▶ What the exercise asks: Restate all of the records below exactly. Do not carry over any image.

▶ The input:
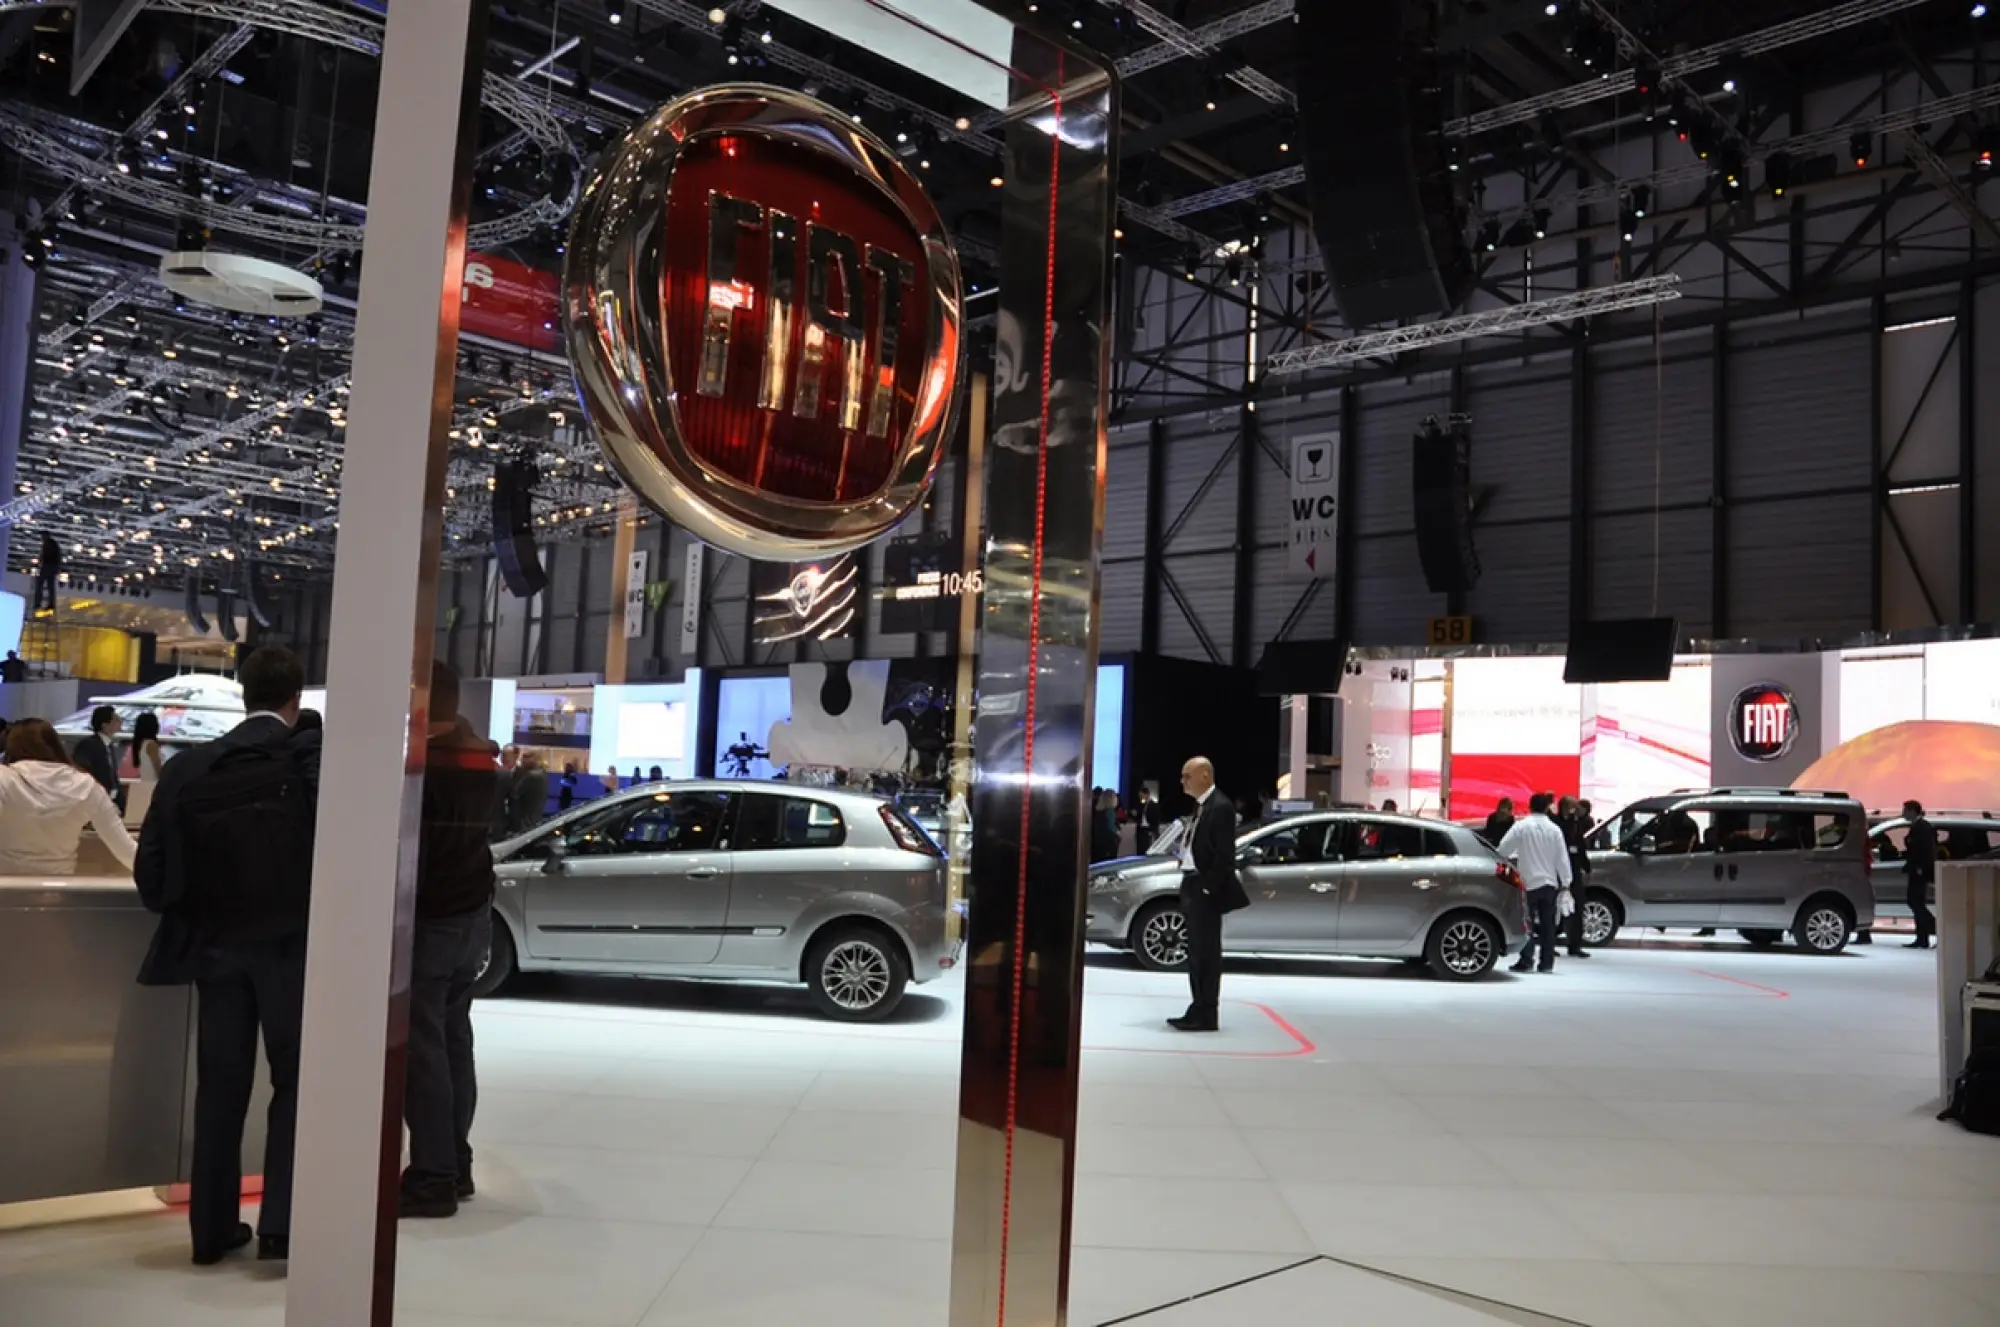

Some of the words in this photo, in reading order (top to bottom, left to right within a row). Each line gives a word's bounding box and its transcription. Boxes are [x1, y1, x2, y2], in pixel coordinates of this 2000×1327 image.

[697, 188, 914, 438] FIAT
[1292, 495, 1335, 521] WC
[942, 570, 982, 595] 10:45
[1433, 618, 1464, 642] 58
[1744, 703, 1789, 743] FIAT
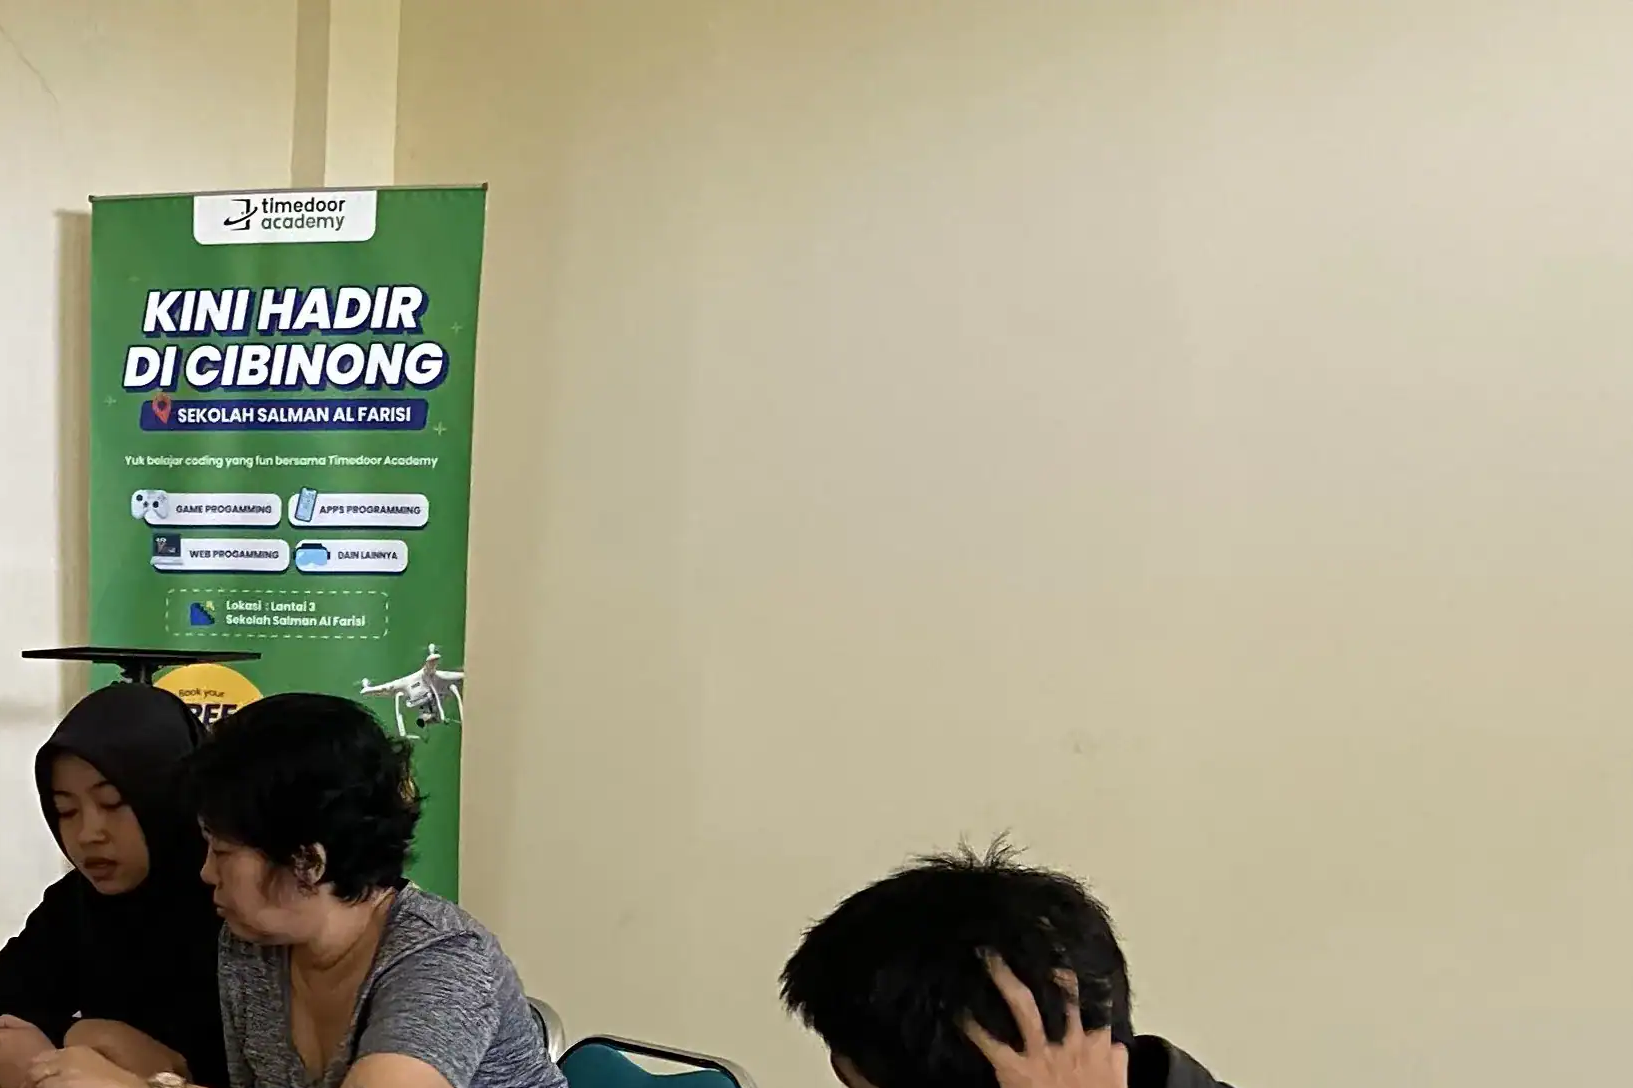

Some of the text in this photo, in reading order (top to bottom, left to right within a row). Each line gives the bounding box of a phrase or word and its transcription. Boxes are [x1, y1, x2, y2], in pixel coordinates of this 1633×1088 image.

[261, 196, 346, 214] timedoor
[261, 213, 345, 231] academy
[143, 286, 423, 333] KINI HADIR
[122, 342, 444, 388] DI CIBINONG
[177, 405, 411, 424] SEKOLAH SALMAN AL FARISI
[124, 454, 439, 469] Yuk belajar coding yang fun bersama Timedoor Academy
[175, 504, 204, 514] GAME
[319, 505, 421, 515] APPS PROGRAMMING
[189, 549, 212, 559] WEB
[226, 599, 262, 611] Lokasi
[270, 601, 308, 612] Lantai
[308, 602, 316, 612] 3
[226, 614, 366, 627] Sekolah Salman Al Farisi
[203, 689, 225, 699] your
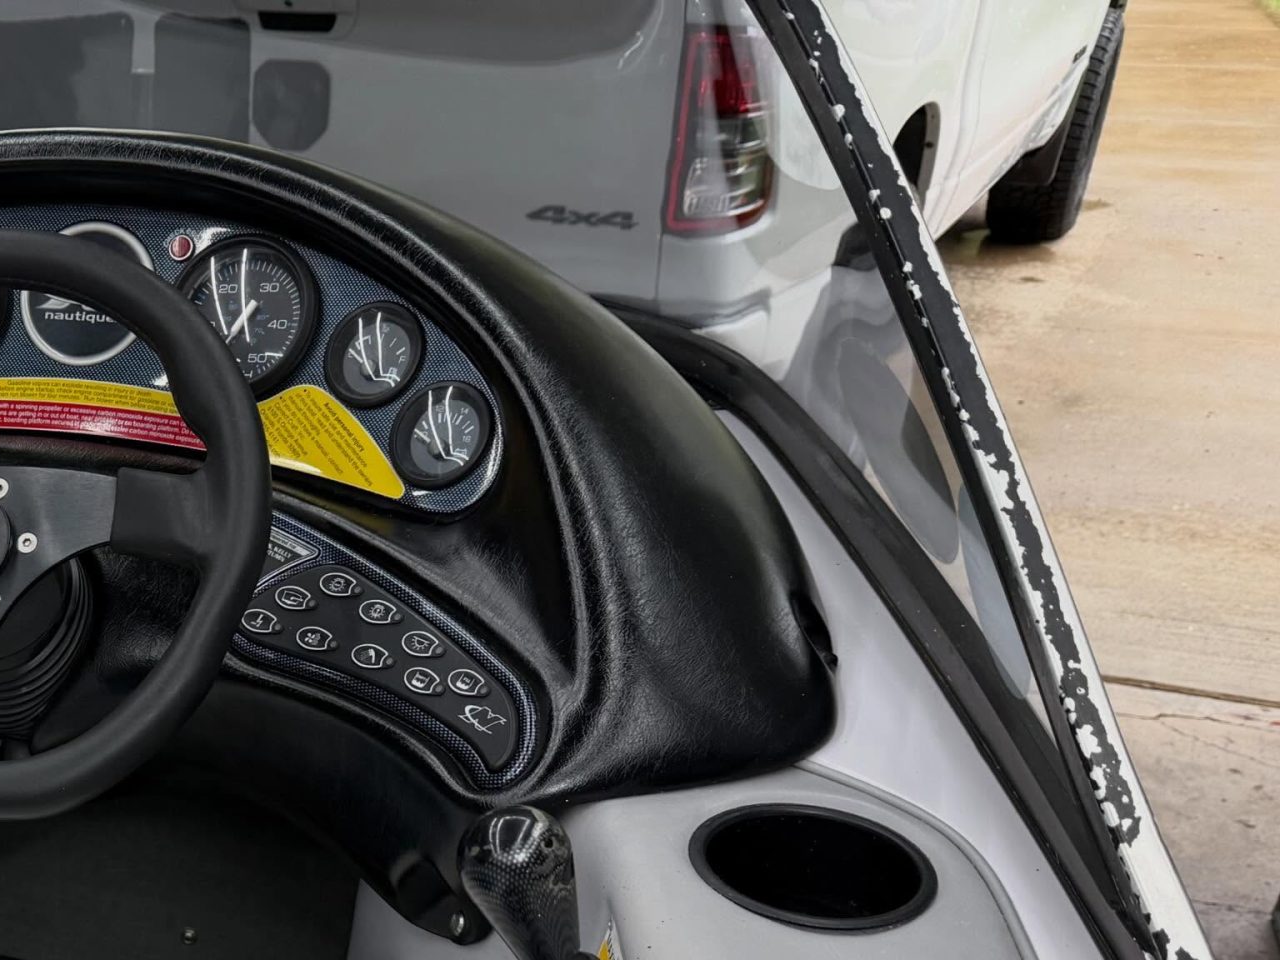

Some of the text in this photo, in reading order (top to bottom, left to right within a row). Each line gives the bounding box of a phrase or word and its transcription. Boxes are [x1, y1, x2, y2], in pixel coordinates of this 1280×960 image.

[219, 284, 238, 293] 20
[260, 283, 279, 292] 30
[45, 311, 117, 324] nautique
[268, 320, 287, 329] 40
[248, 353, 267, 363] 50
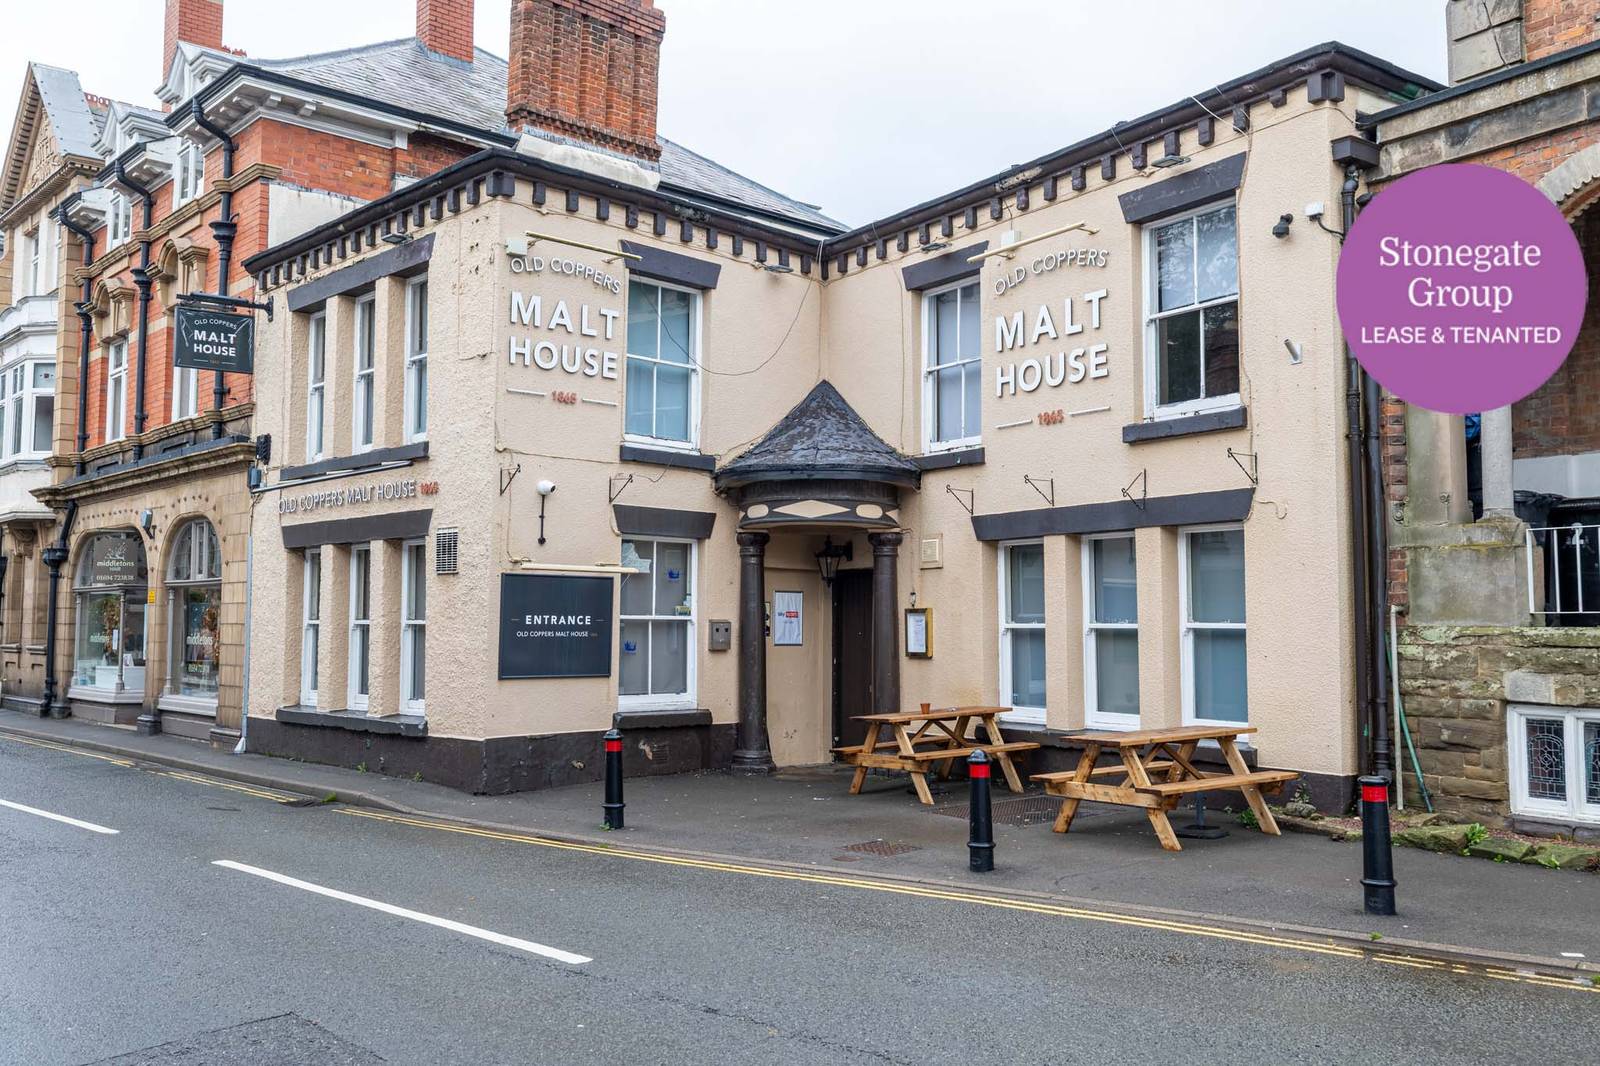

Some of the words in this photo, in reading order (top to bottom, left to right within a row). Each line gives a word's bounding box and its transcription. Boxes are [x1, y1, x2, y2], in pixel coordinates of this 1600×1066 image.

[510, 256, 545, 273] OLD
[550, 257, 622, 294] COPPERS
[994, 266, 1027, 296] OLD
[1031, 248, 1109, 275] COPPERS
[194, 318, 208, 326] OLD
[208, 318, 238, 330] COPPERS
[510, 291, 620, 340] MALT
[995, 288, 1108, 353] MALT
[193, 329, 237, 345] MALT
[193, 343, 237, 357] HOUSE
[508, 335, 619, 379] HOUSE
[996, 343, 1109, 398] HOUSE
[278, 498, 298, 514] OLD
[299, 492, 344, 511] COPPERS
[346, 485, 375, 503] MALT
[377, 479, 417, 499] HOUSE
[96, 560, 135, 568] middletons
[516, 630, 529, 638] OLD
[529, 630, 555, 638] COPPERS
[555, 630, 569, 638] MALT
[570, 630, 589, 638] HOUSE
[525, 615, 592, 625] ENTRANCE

▶ Response below:
Some of the words in this photo, in reading order (top to bottom, left to right within a row). Each line gives a word's bounding box and its transcription. Boxes are [x1, y1, x2, y2], in pixel coordinates of this 2000×1327 image.

[697, 188, 914, 438] FIAT
[1292, 495, 1335, 521] WC
[942, 570, 982, 595] 10:45
[1433, 618, 1464, 642] 58
[1744, 703, 1789, 743] FIAT

Some of the text in this photo, in reading order (top to bottom, left to right within a row). Each line gives the bounding box of a phrase or word and its transcription. Boxes are [x1, y1, x2, y2], in pixel coordinates of this 1633×1088 image.

[261, 196, 346, 214] timedoor
[261, 213, 345, 231] academy
[143, 286, 423, 333] KINI HADIR
[122, 342, 444, 388] DI CIBINONG
[177, 405, 411, 424] SEKOLAH SALMAN AL FARISI
[124, 454, 439, 469] Yuk belajar coding yang fun bersama Timedoor Academy
[175, 504, 204, 514] GAME
[319, 505, 421, 515] APPS PROGRAMMING
[189, 549, 212, 559] WEB
[226, 599, 262, 611] Lokasi
[270, 601, 308, 612] Lantai
[308, 602, 316, 612] 3
[226, 614, 366, 627] Sekolah Salman Al Farisi
[203, 689, 225, 699] your

Some of the text in this photo, in reading order (top to bottom, left to right within a row). Each line gives the bounding box of a phrase or word and its transcription. Boxes are [x1, y1, x2, y2], in pixel coordinates of this 1280×960 image.

[219, 284, 238, 293] 20
[260, 283, 279, 292] 30
[45, 311, 117, 324] nautique
[268, 320, 287, 329] 40
[248, 353, 267, 363] 50

Some of the words in this photo, in reading order (top to bottom, left to right within a row). Each line gives a word's bounding box and its transcription. Boxes are [x1, y1, x2, y2], in pixel coordinates of this 1600×1066 image.

[510, 256, 545, 273] OLD
[550, 257, 622, 294] COPPERS
[994, 266, 1027, 296] OLD
[1031, 248, 1109, 275] COPPERS
[194, 318, 208, 326] OLD
[208, 318, 238, 330] COPPERS
[510, 291, 620, 340] MALT
[995, 288, 1108, 353] MALT
[193, 329, 237, 345] MALT
[193, 343, 237, 357] HOUSE
[508, 335, 619, 379] HOUSE
[996, 343, 1109, 398] HOUSE
[278, 498, 298, 514] OLD
[299, 492, 344, 511] COPPERS
[346, 485, 375, 503] MALT
[377, 479, 417, 499] HOUSE
[96, 560, 135, 568] middletons
[516, 630, 529, 638] OLD
[529, 630, 555, 638] COPPERS
[555, 630, 569, 638] MALT
[570, 630, 589, 638] HOUSE
[525, 615, 592, 625] ENTRANCE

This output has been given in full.